Prompt:
Retype every entry below without pictures.

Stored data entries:

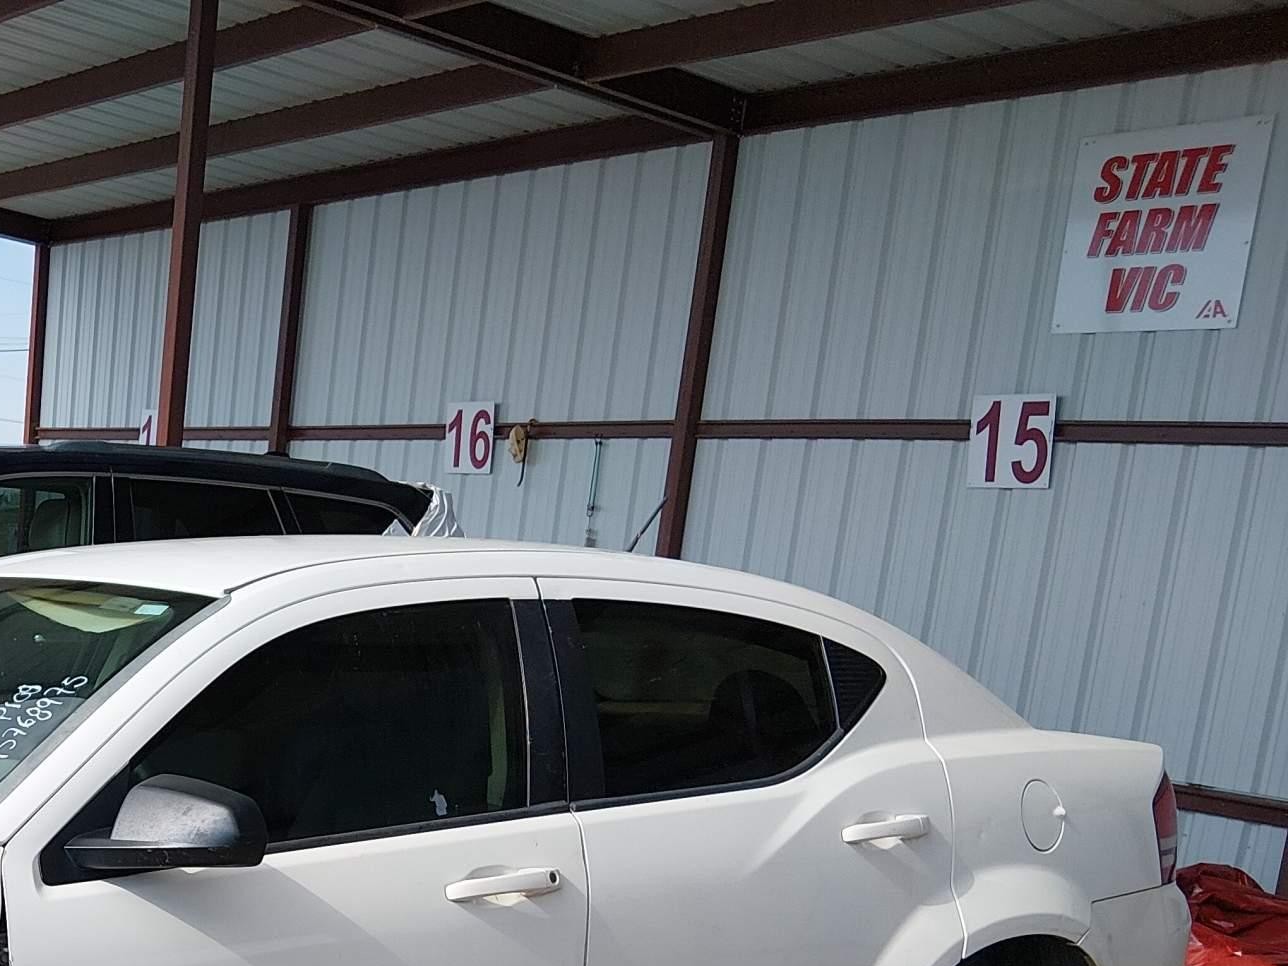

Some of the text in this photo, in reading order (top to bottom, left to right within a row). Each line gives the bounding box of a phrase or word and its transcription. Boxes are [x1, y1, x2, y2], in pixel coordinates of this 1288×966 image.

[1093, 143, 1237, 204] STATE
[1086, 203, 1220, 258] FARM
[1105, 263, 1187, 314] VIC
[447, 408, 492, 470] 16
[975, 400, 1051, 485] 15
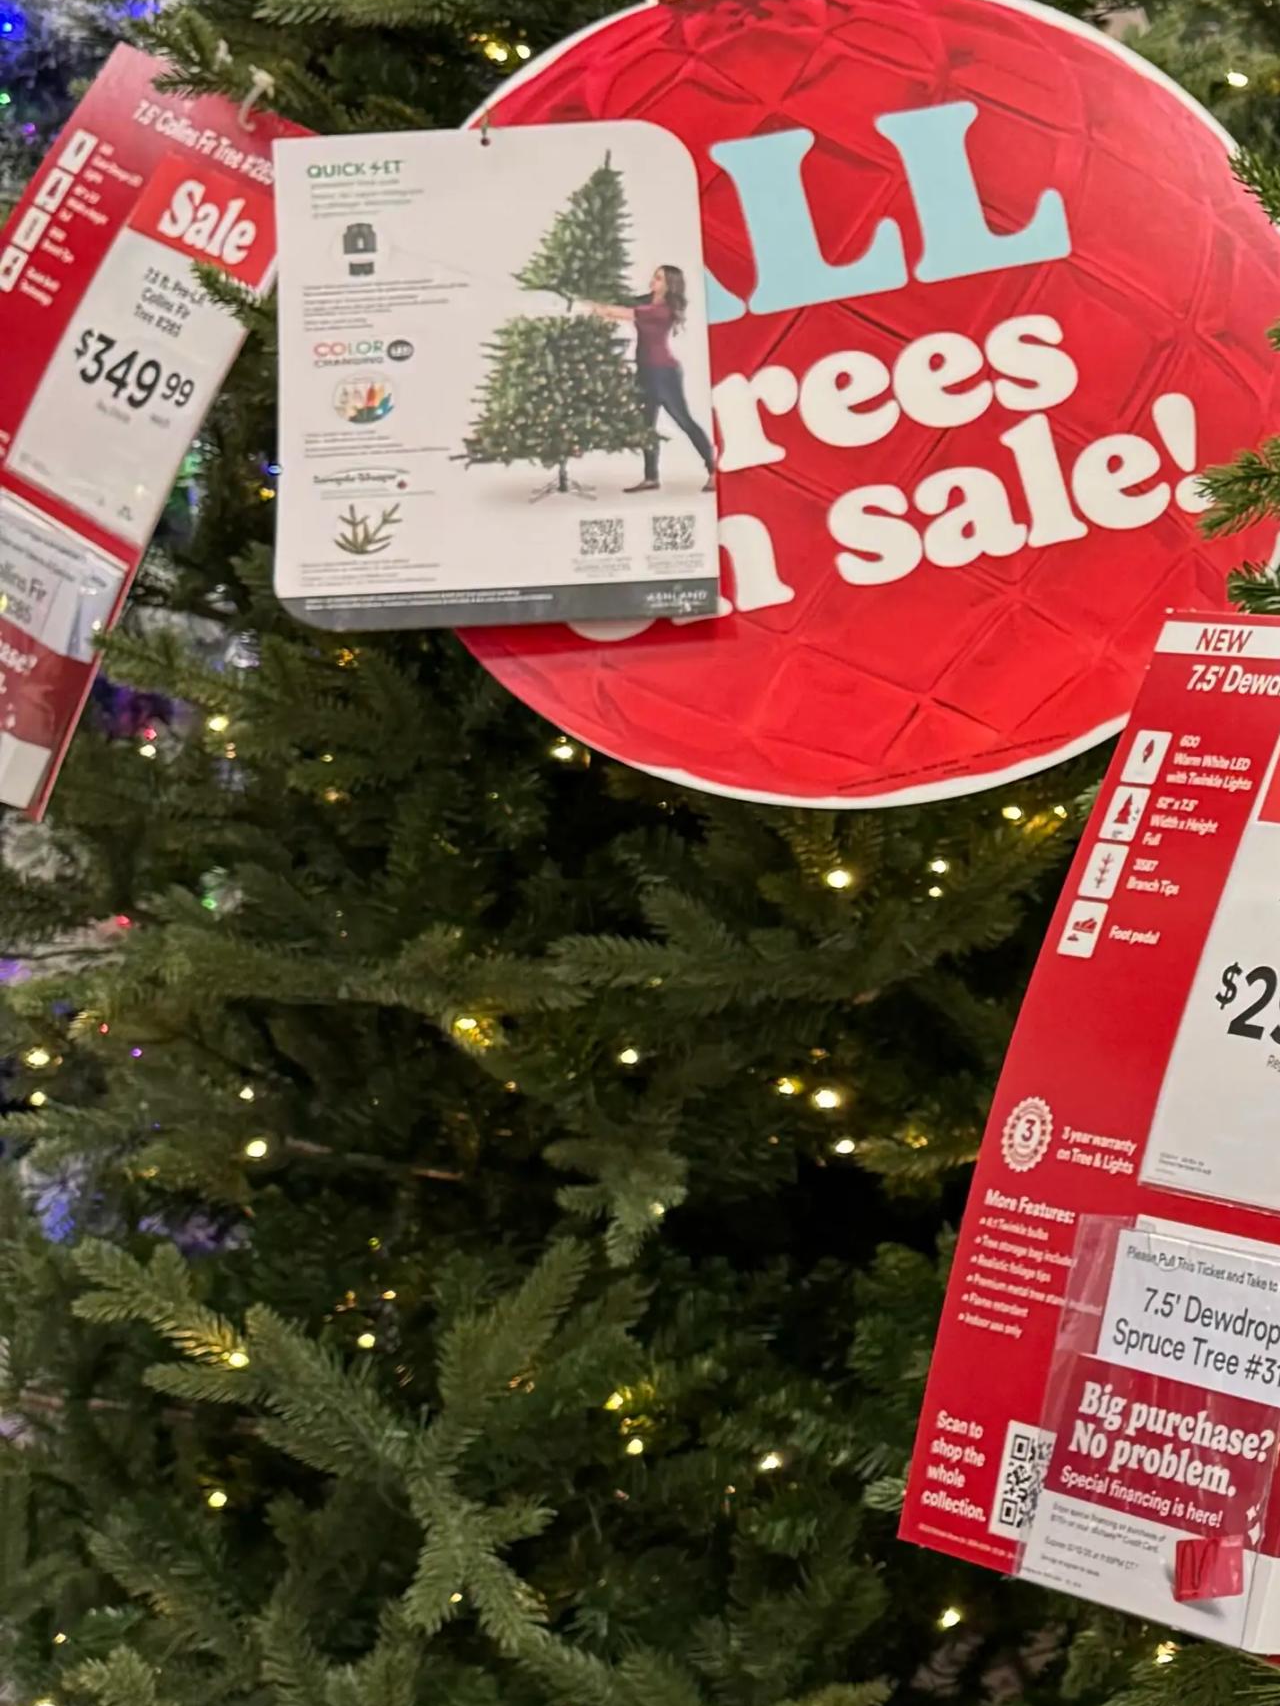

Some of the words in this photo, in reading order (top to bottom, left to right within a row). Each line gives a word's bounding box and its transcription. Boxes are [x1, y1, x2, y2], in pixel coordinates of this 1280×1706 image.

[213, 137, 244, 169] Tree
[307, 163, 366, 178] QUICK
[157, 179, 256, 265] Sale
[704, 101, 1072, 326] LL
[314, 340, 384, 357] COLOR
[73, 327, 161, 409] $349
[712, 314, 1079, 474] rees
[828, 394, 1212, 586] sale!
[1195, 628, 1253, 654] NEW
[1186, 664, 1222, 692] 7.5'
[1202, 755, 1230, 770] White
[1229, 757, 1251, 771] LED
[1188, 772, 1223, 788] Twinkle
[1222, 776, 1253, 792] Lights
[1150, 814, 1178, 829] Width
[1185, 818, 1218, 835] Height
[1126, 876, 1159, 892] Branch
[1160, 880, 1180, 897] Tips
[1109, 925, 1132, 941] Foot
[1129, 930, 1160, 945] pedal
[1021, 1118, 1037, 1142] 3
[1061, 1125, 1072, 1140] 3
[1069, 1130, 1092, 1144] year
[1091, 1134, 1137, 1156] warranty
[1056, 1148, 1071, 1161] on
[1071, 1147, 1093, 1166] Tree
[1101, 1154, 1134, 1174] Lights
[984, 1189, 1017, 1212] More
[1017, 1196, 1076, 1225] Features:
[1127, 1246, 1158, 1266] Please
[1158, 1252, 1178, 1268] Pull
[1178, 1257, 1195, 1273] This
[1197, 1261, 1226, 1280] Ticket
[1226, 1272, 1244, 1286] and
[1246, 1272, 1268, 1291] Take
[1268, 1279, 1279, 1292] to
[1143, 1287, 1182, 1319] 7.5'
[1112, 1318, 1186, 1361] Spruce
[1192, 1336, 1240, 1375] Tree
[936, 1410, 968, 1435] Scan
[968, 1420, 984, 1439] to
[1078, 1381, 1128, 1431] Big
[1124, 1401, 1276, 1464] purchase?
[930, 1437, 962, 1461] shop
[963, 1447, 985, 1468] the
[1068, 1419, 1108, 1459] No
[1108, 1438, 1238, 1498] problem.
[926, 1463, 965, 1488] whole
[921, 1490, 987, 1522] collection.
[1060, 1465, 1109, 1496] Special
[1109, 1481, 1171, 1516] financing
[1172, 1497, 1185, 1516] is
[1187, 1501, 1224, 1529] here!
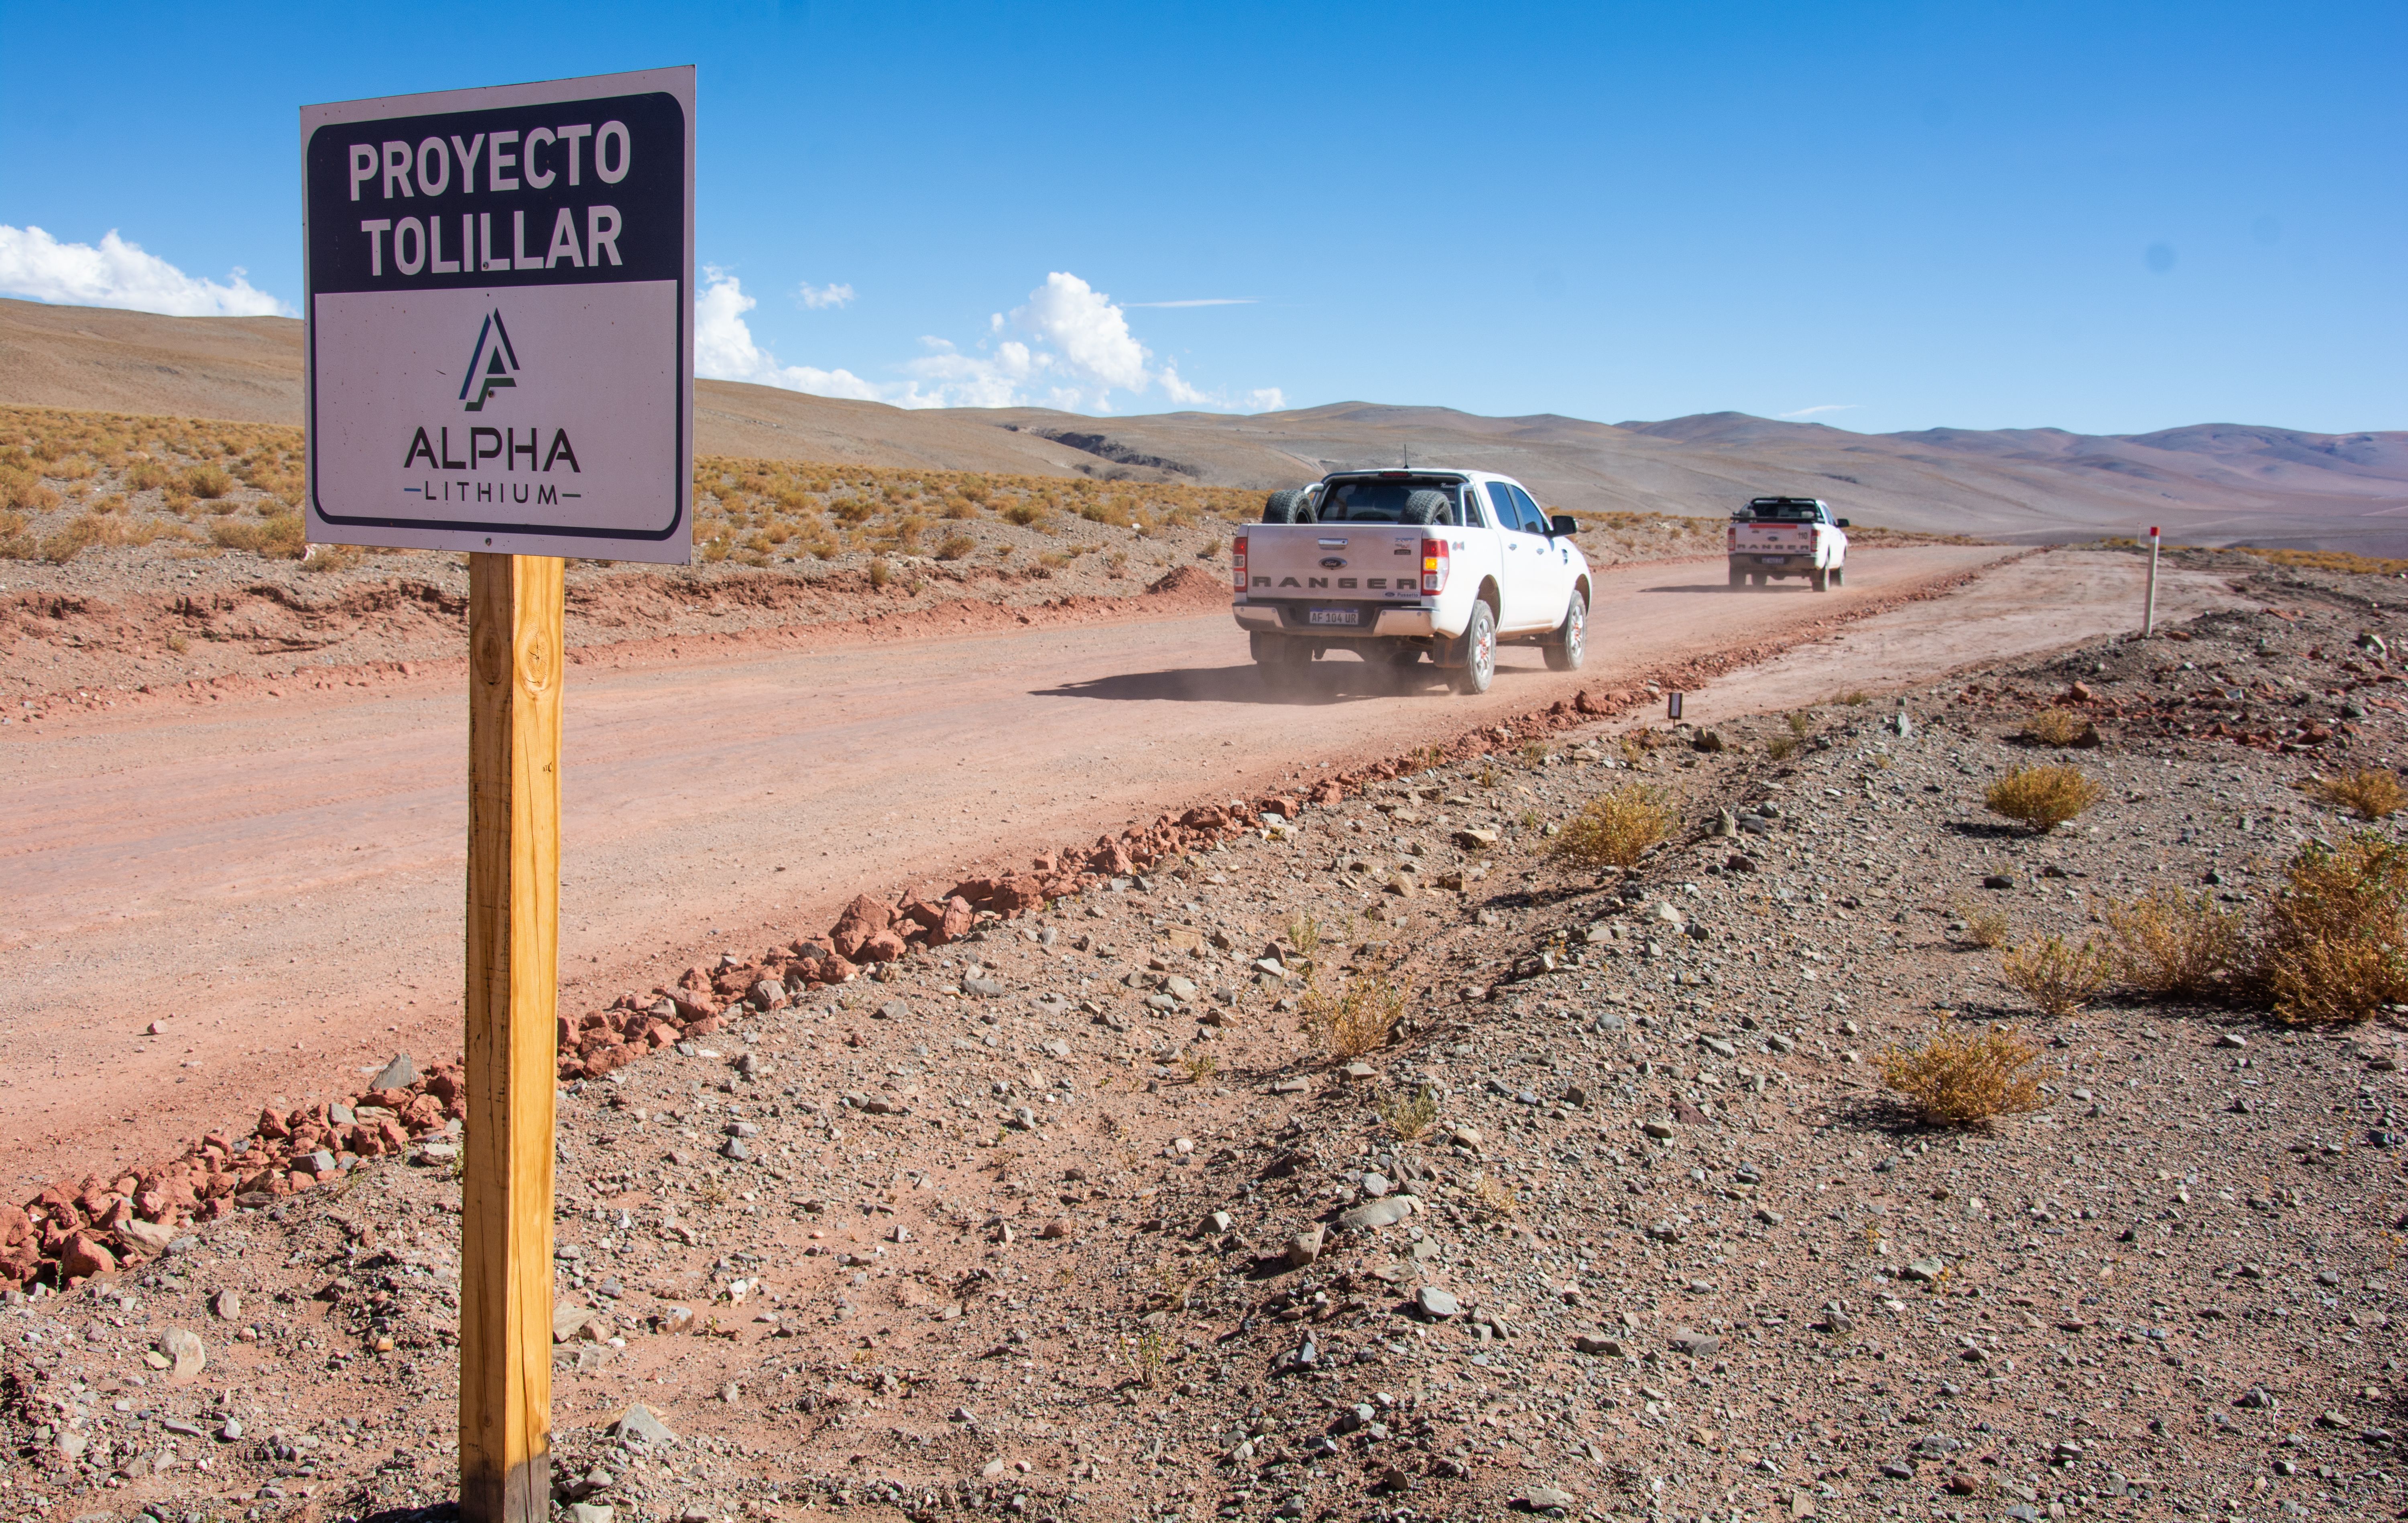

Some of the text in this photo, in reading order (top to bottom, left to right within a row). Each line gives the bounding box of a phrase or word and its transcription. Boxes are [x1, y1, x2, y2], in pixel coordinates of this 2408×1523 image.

Solution:
Some of the text in this photo, in reading order (top to bottom, left to right within a row). Each line gives the bounding box of a phrase or word and its transcription. Boxes are [x1, y1, x2, y2], in pixel coordinates of this 1288×966 image.

[1093, 143, 1237, 204] STATE
[1086, 203, 1220, 258] FARM
[1105, 263, 1187, 314] VIC
[447, 408, 492, 470] 16
[975, 400, 1051, 485] 15

Some of the words in this photo, in reading order (top to bottom, left to right within a row). Each line gives a word's bounding box and its transcription. Boxes are [x1, y1, x2, y2], in pixel coordinates of this 1280×1706 image.

[213, 137, 244, 169] Tree
[307, 163, 366, 178] QUICK
[157, 179, 256, 265] Sale
[704, 101, 1072, 326] LL
[314, 340, 384, 357] COLOR
[73, 327, 161, 409] $349
[712, 314, 1079, 474] rees
[828, 394, 1212, 586] sale!
[1195, 628, 1253, 654] NEW
[1186, 664, 1222, 692] 7.5'
[1202, 755, 1230, 770] White
[1229, 757, 1251, 771] LED
[1188, 772, 1223, 788] Twinkle
[1222, 776, 1253, 792] Lights
[1150, 814, 1178, 829] Width
[1185, 818, 1218, 835] Height
[1126, 876, 1159, 892] Branch
[1160, 880, 1180, 897] Tips
[1109, 925, 1132, 941] Foot
[1129, 930, 1160, 945] pedal
[1021, 1118, 1037, 1142] 3
[1061, 1125, 1072, 1140] 3
[1069, 1130, 1092, 1144] year
[1091, 1134, 1137, 1156] warranty
[1056, 1148, 1071, 1161] on
[1071, 1147, 1093, 1166] Tree
[1101, 1154, 1134, 1174] Lights
[984, 1189, 1017, 1212] More
[1017, 1196, 1076, 1225] Features:
[1127, 1246, 1158, 1266] Please
[1158, 1252, 1178, 1268] Pull
[1178, 1257, 1195, 1273] This
[1197, 1261, 1226, 1280] Ticket
[1226, 1272, 1244, 1286] and
[1246, 1272, 1268, 1291] Take
[1268, 1279, 1279, 1292] to
[1143, 1287, 1182, 1319] 7.5'
[1112, 1318, 1186, 1361] Spruce
[1192, 1336, 1240, 1375] Tree
[936, 1410, 968, 1435] Scan
[968, 1420, 984, 1439] to
[1078, 1381, 1128, 1431] Big
[1124, 1401, 1276, 1464] purchase?
[930, 1437, 962, 1461] shop
[963, 1447, 985, 1468] the
[1068, 1419, 1108, 1459] No
[1108, 1438, 1238, 1498] problem.
[926, 1463, 965, 1488] whole
[921, 1490, 987, 1522] collection.
[1060, 1465, 1109, 1496] Special
[1109, 1481, 1171, 1516] financing
[1172, 1497, 1185, 1516] is
[1187, 1501, 1224, 1529] here!

Some of the text in this photo, in reading order (top to bottom, left to right within a row). Each line gives the bounding box of a phrase or word and its transcription. Boxes are [x1, y1, x2, y2], in pixel coordinates of this 2408×1523 image.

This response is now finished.